“In questi mesi, in perfetta collaborazione con la Soprintendente e con la Pro Loco, abbiamo creato le condizioni ottimali per il ritorno del prezioso dipinto entro il 13 Dicembre all’interno della sua sede definitiva, la Basilica di Santa Lucia al Sepolcro, pronta ad accoglierlo e custodirlo sotto ogni profilo, compreso quello essenziale della sicurezza.
A prescindere quindi dal probabile annullamento di ogni Celebrazione per la nostra Santa Patrona, il quadro dovrà ugualmente tornare in Città alla data stabilita tra le parti, Soprintendenza, Regione Siciliana e Mart.
Ogni rinvio, se non per eventuali difficoltà nei trasporti legate al Covid, sarebbe del tutto incomprensibile, inaccettabile e non difendibile da nessun punto di vista “.

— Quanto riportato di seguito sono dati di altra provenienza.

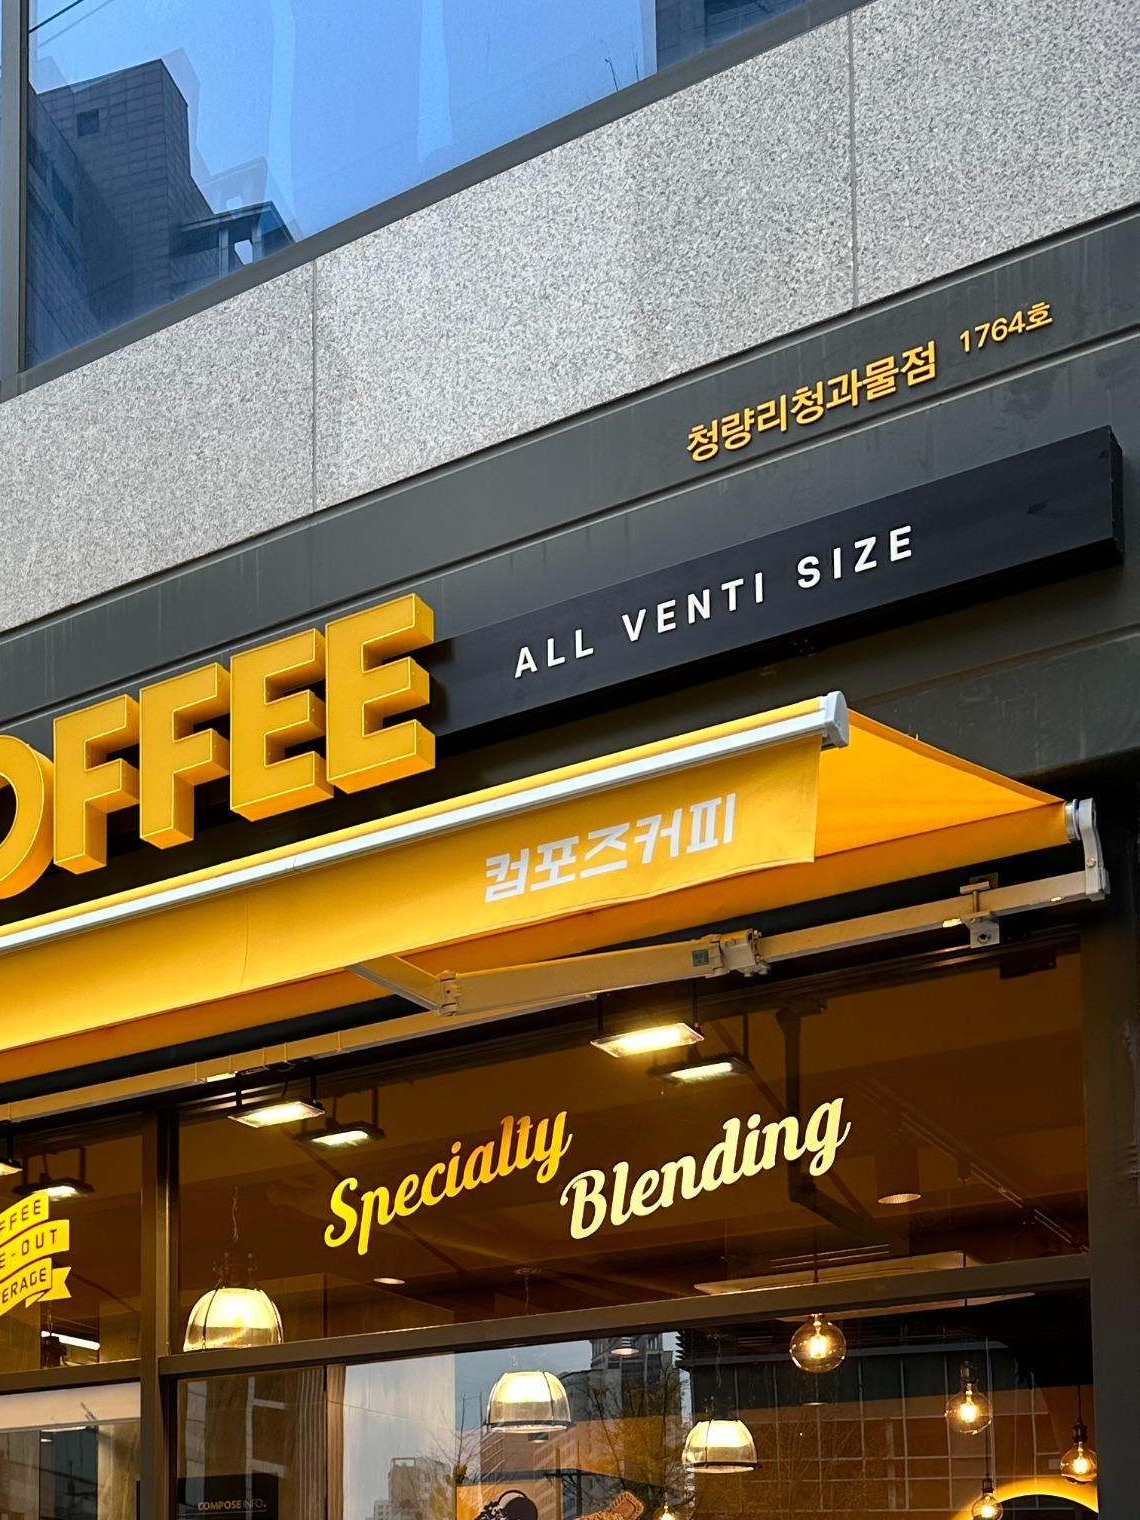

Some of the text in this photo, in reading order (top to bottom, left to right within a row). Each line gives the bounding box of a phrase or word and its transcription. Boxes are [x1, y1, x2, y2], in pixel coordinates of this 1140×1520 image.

Fabio Granata interviene alla luce di alcune voci e di qualche articolo uscito su giornali del Nord e conclude:
“In questi mesi abbiamo iniziato un complesso percorso di rigenerazione del Borgo Santa Lucia e creato un tavolo tecnico permanente con tantissimi soggetti, compreso il Comitato creato dai residenti.
Al di là della processione, il quadro torni alla data stabilita e diventi subito il formidabile simbolo della rinascita della Borgata”.